▶ [Collected data]
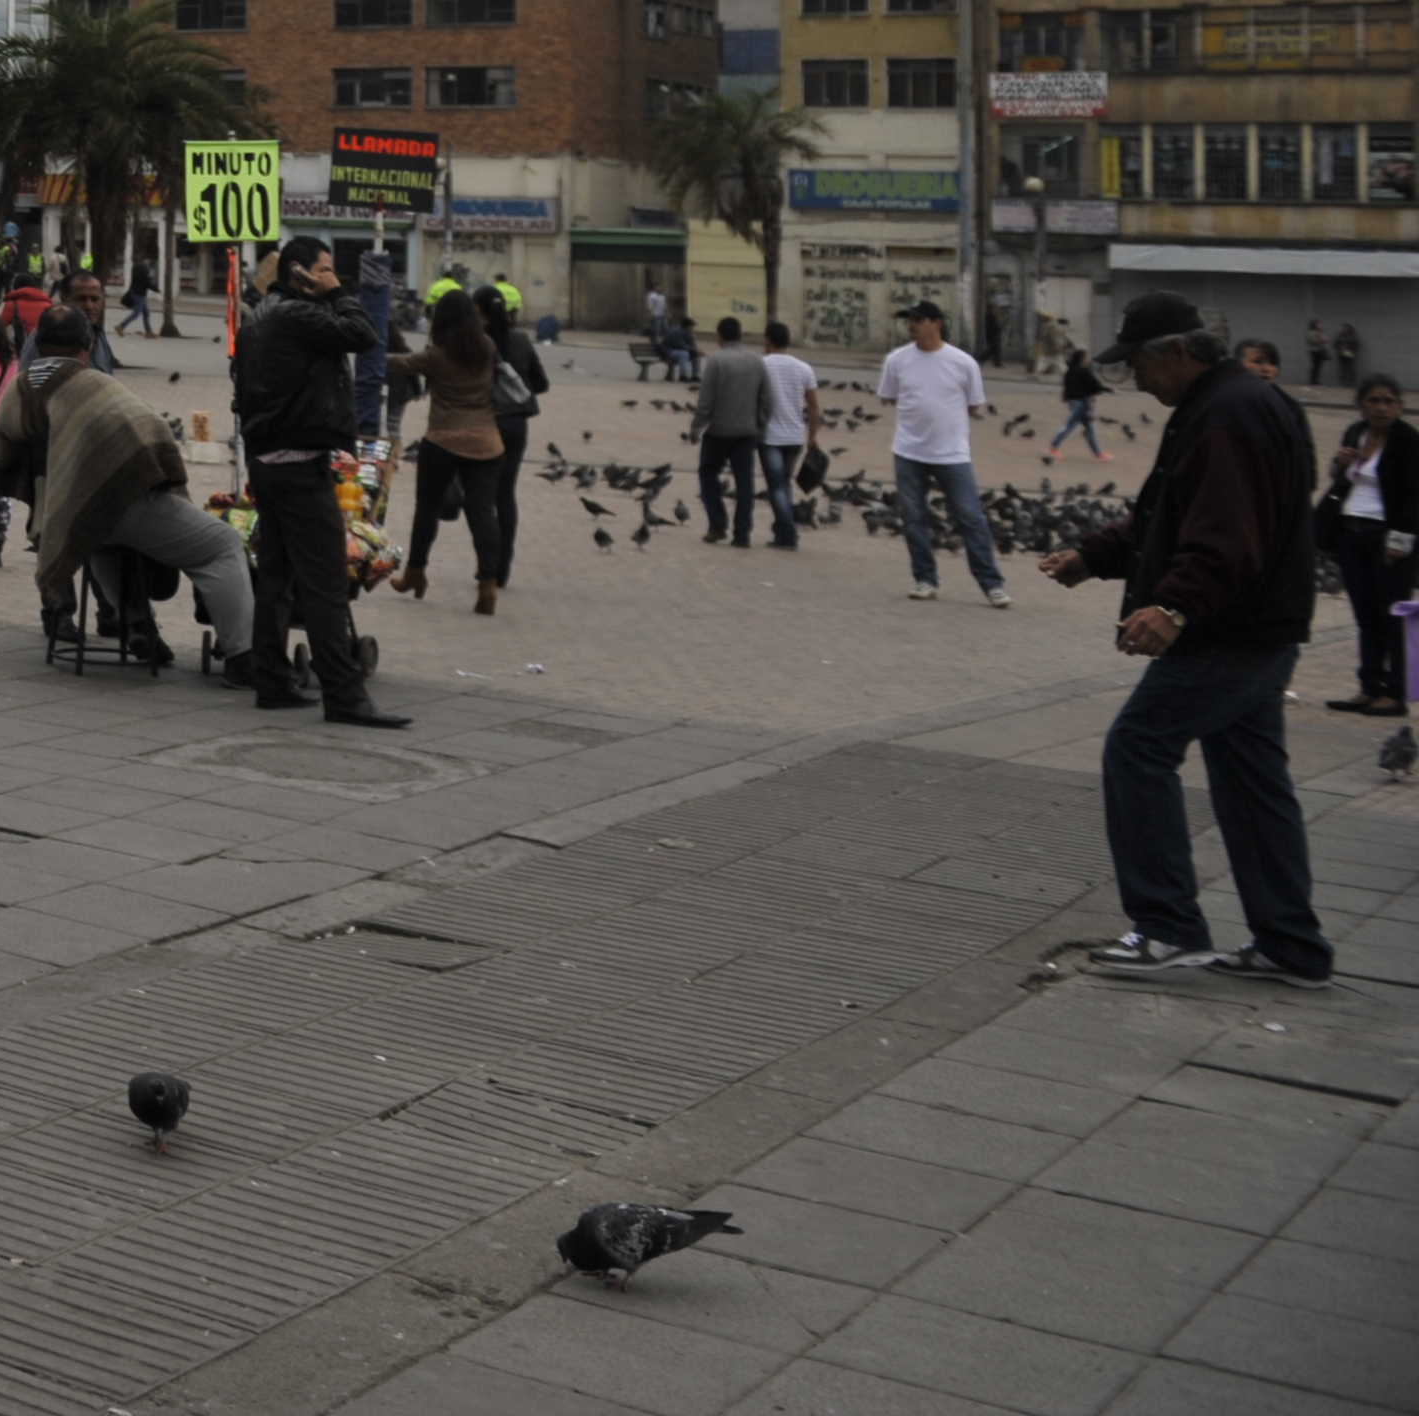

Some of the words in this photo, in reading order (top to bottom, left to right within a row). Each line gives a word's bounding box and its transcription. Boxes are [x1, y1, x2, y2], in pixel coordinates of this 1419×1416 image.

[338, 134, 436, 158] LLAMADA
[192, 152, 271, 176] MINUTO
[332, 166, 434, 190] INTERNACIONAL
[816, 172, 960, 200] DROGUERIA
[193, 181, 270, 238] $100
[470, 219, 552, 230] POPULAR

▶ [WHAT YOU NEED TO DO] Every line above should be transcribed word for word; leave the pictures out.

▶ [YOUR SOLUTION]
Some of the words in this photo, in reading order (top to bottom, left to right within a row). Each line gives a word's bounding box and its transcription. Boxes are [x1, y1, x2, y2], in pixel coordinates of this 1419×1416 image.

[338, 134, 436, 158] LLAMADA
[192, 152, 271, 176] MINUTO
[332, 166, 434, 190] INTERNACIONAL
[816, 172, 960, 200] DROGUERIA
[193, 181, 270, 238] $100
[470, 219, 552, 230] POPULAR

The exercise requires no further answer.